When people decide to invest in a prepaid funeral plan, it is often on the back of an event in their life that has made them come to terms with their own mortality. Maybe they are just reaching old age, maybe they have had a worrying medical diagnosis or maybe they have recently lost a loved one. That means that they are emotionally vulnerable and that they need to be sure that their investment is protected, particularly when the majority of those that choose a prepaid plan are doing so because their estate might not leave much more for their children or family than the cost of a funeral, and perhaps not even cover that.
We are in a cost of living crisis. At a time when people are struggling with the stress of paying their energy bills, putting food on the table or meeting their general living costs, it is unthinkable that, resulting from the collapse of Safe Hands, some of those people will face the added stress of trying to finance the funeral of someone they care about—a funeral that, as far as they were concerned, was already paid for, either partially or, in many cases, in full. I understand that any business needs to turn a profit. That is the nature of the game, but in this emotionally charged market based on one of the few guarantees we have in life—death—sensitivity is required. To prey on that customer base is absolutely disgusting.
While Safe Hands certainly does not represent the standards of the industry as a whole, we know that, intentionally or not, other firms have put their customers’ money and funeral plans at risk by not seeking approval ahead of the regulations. For reasons I hope Dignity understands, I am cautious about enthusiastically throwing my support behind any company in the currently unregulated pre-paid sector at the moment, but I would like to thank Dignity for proactively reaching out and sharing some information with me ahead of this debate. I would also like to thank the all-party parliamentary group for funerals and bereavement and its chair, the right hon. Member for South Holland and The Deepings (Sir John Hayes). I know that it continues to engage with the Treasury on this matter to try to ensure that dignity is maintained. I also want to thank the hon. Member for Glenrothes (Peter Grant), who organised the cross-party letter to the Secretary of State for Business, Energy and Industrial Strategy last month. This provided a co-ordinated display of the feelings held by constituents.

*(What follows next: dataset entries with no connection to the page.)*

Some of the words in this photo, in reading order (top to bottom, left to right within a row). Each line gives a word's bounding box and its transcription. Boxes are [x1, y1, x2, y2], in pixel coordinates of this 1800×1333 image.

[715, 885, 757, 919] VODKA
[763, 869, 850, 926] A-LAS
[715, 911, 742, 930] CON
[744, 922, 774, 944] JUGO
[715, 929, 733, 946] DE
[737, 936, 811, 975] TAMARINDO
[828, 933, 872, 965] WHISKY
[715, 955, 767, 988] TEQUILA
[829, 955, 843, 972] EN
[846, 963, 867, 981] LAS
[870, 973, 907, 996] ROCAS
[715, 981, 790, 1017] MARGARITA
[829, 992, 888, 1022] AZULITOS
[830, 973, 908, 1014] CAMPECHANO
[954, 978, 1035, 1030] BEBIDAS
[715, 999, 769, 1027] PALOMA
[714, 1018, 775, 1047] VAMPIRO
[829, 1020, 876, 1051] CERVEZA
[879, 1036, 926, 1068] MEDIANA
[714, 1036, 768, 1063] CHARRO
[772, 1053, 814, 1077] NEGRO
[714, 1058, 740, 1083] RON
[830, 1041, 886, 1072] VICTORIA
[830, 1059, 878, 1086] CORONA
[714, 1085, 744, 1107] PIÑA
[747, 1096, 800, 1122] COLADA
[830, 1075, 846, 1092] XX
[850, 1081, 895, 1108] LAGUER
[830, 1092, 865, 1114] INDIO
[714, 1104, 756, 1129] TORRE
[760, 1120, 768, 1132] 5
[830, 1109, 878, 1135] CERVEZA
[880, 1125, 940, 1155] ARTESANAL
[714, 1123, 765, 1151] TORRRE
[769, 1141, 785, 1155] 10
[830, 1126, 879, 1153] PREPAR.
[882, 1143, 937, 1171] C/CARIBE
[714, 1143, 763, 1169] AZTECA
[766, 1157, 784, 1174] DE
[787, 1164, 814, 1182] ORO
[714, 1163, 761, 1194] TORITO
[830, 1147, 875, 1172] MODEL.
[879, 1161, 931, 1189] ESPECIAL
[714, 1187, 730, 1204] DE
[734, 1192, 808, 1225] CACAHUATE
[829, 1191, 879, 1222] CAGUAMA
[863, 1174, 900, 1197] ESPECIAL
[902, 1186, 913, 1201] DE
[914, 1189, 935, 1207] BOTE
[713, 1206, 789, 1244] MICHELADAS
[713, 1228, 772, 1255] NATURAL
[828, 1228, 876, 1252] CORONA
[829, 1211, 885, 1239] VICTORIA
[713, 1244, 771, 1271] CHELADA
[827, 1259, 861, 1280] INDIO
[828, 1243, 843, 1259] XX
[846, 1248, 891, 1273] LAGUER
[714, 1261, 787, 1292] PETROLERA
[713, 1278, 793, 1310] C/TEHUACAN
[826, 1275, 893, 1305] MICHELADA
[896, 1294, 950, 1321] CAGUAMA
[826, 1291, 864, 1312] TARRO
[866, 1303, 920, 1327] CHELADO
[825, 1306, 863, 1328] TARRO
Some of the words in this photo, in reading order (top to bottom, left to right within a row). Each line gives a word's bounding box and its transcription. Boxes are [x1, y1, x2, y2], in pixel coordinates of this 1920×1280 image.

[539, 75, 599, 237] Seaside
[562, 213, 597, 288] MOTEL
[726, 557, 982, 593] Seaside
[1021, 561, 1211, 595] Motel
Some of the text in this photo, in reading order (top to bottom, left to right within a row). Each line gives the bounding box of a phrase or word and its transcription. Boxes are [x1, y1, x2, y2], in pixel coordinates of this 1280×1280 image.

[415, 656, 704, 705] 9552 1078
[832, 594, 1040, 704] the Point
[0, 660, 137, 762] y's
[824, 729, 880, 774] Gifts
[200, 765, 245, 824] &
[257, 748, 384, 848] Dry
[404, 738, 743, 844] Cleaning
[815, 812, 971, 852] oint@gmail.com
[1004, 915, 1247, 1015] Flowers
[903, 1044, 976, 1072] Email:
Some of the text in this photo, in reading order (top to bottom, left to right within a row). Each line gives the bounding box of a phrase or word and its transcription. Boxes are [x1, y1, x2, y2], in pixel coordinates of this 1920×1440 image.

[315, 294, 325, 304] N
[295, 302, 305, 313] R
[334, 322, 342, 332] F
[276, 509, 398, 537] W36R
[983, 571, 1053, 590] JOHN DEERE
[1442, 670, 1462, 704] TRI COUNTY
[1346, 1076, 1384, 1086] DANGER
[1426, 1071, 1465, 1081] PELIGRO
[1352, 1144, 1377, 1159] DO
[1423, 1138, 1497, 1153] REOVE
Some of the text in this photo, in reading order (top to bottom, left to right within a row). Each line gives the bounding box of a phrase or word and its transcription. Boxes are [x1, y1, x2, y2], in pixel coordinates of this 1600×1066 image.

I hope the Minister will be in a position to provide the assurances that Safe Hands and its administrators have been unable to provide, and I urge him and his colleagues in the Treasury and across Whitehall to find a way to ensure that these people who have lost hard-earned money do not miss out on a dignified goodbye when that time sadly comes, for the sake of Mr Hughes and the 46,000 others like him, their families and friends and the people who love them most in the world.